# [Exercise instructions]
Set down all of the entries below word for word, with the pictures left out.

[Annotated photo localization data]

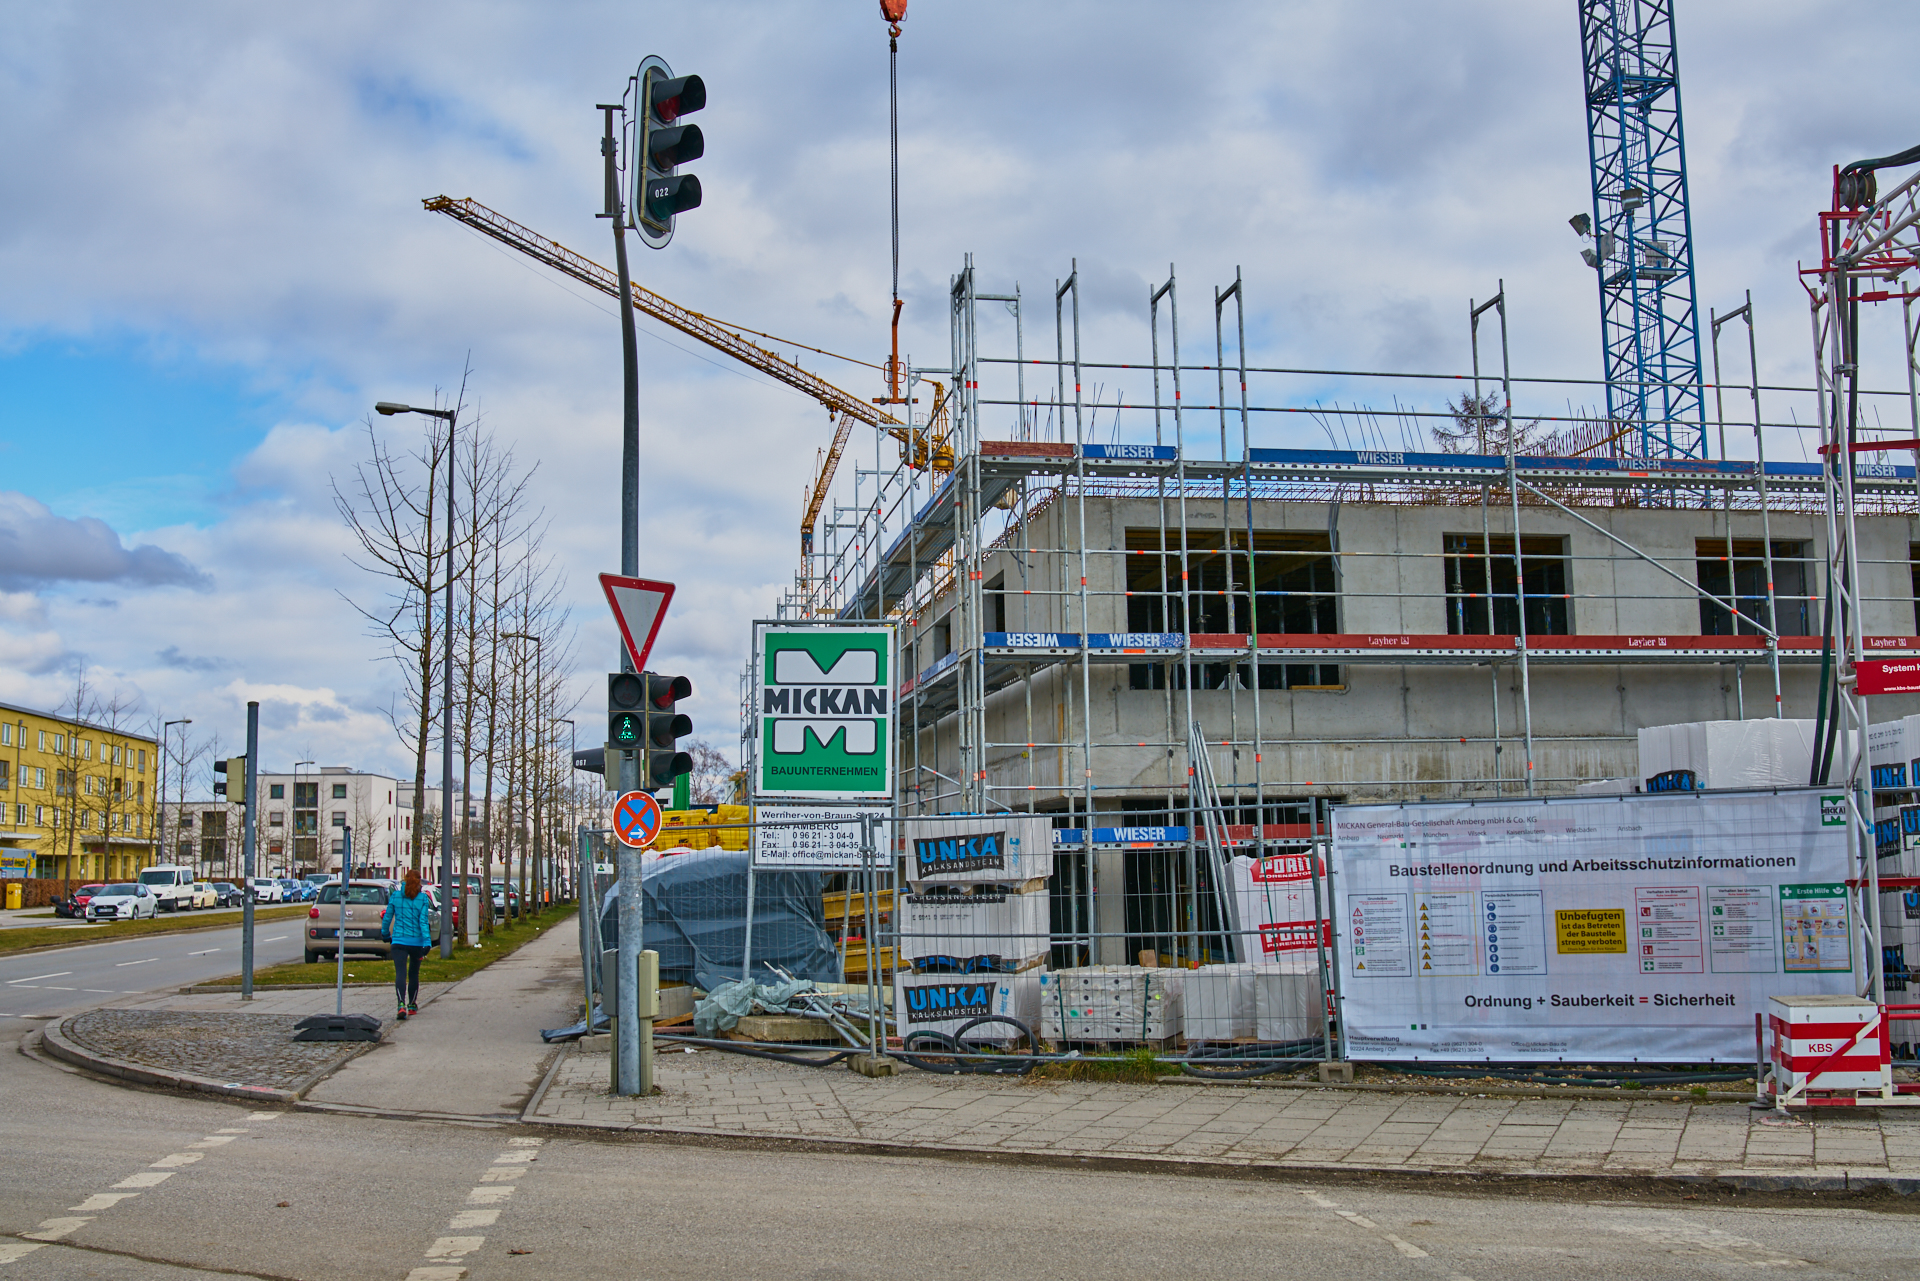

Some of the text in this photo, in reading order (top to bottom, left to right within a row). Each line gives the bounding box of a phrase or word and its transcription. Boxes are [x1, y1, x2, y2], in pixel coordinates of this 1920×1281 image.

[655, 187, 669, 199] 022
[1104, 445, 1154, 459] WIESER
[1356, 451, 1404, 465] WIESER
[1616, 458, 1662, 471] WIESER
[1855, 464, 1897, 477] WIESER
[1007, 632, 1060, 647] WIESER
[1109, 633, 1161, 647] WIESER
[1368, 636, 1398, 646] Layher
[1628, 637, 1656, 648] Layher
[1870, 638, 1897, 648] Layher
[1882, 664, 1916, 674] System
[764, 688, 887, 715] MICKAN
[771, 766, 878, 776] BAUUNTERNEHMEN
[793, 822, 839, 831] AMBERG
[1337, 822, 1366, 830] MICKAN
[1367, 818, 1455, 829] General-Bau-Gesellschaft
[1456, 818, 1485, 827] Amberg
[1487, 817, 1504, 825] mbH
[1513, 816, 1525, 824] Co.
[1527, 816, 1538, 824] KG
[1113, 826, 1166, 841] WIESER
[1338, 834, 1359, 842] Amberg
[1506, 828, 1546, 836] Kaiserslautern
[1565, 826, 1598, 834] Wiesbaden
[761, 841, 780, 849] Fax:
[792, 841, 798, 849] 0
[799, 841, 810, 849] 96
[811, 841, 822, 849] 21
[921, 858, 1000, 875] KALKSANDSTEIN
[1260, 857, 1313, 874] PORIT
[1389, 855, 1796, 877] Baustellenordnung und Arbeitsschutzinformationen
[1560, 911, 1621, 922] Unbefugten
[1561, 922, 1571, 930] ist
[1572, 922, 1586, 930] das
[1561, 939, 1586, 947] streng
[1464, 993, 1736, 1010] Ordnung + Sauberkeit = Sicherheit
[912, 1007, 988, 1019] KALKSANDSTEIN
[1808, 1043, 1833, 1053] KBS

# [Task output]
Some of the text in this photo, in reading order (top to bottom, left to right within a row). Each line gives the bounding box of a phrase or word and its transcription. Boxes are [x1, y1, x2, y2], in pixel coordinates of this 1920×1281 image.

[655, 187, 669, 199] 022
[1104, 445, 1154, 459] WIESER
[1356, 451, 1404, 465] WIESER
[1616, 458, 1662, 471] WIESER
[1855, 464, 1897, 477] WIESER
[1007, 632, 1060, 647] WIESER
[1109, 633, 1161, 647] WIESER
[1368, 636, 1398, 646] Layher
[1628, 637, 1656, 648] Layher
[1870, 638, 1897, 648] Layher
[1882, 664, 1916, 674] System
[764, 688, 887, 715] MICKAN
[771, 766, 878, 776] BAUUNTERNEHMEN
[793, 822, 839, 831] AMBERG
[1337, 822, 1366, 830] MICKAN
[1367, 818, 1455, 829] General-Bau-Gesellschaft
[1456, 818, 1485, 827] Amberg
[1487, 817, 1504, 825] mbH
[1513, 816, 1525, 824] Co.
[1527, 816, 1538, 824] KG
[1113, 826, 1166, 841] WIESER
[1338, 834, 1359, 842] Amberg
[1506, 828, 1546, 836] Kaiserslautern
[1565, 826, 1598, 834] Wiesbaden
[761, 841, 780, 849] Fax:
[792, 841, 798, 849] 0
[799, 841, 810, 849] 96
[811, 841, 822, 849] 21
[921, 858, 1000, 875] KALKSANDSTEIN
[1260, 857, 1313, 874] PORIT
[1389, 855, 1796, 877] Baustellenordnung und Arbeitsschutzinformationen
[1560, 911, 1621, 922] Unbefugten
[1561, 922, 1571, 930] ist
[1572, 922, 1586, 930] das
[1561, 939, 1586, 947] streng
[1464, 993, 1736, 1010] Ordnung + Sauberkeit = Sicherheit
[912, 1007, 988, 1019] KALKSANDSTEIN
[1808, 1043, 1833, 1053] KBS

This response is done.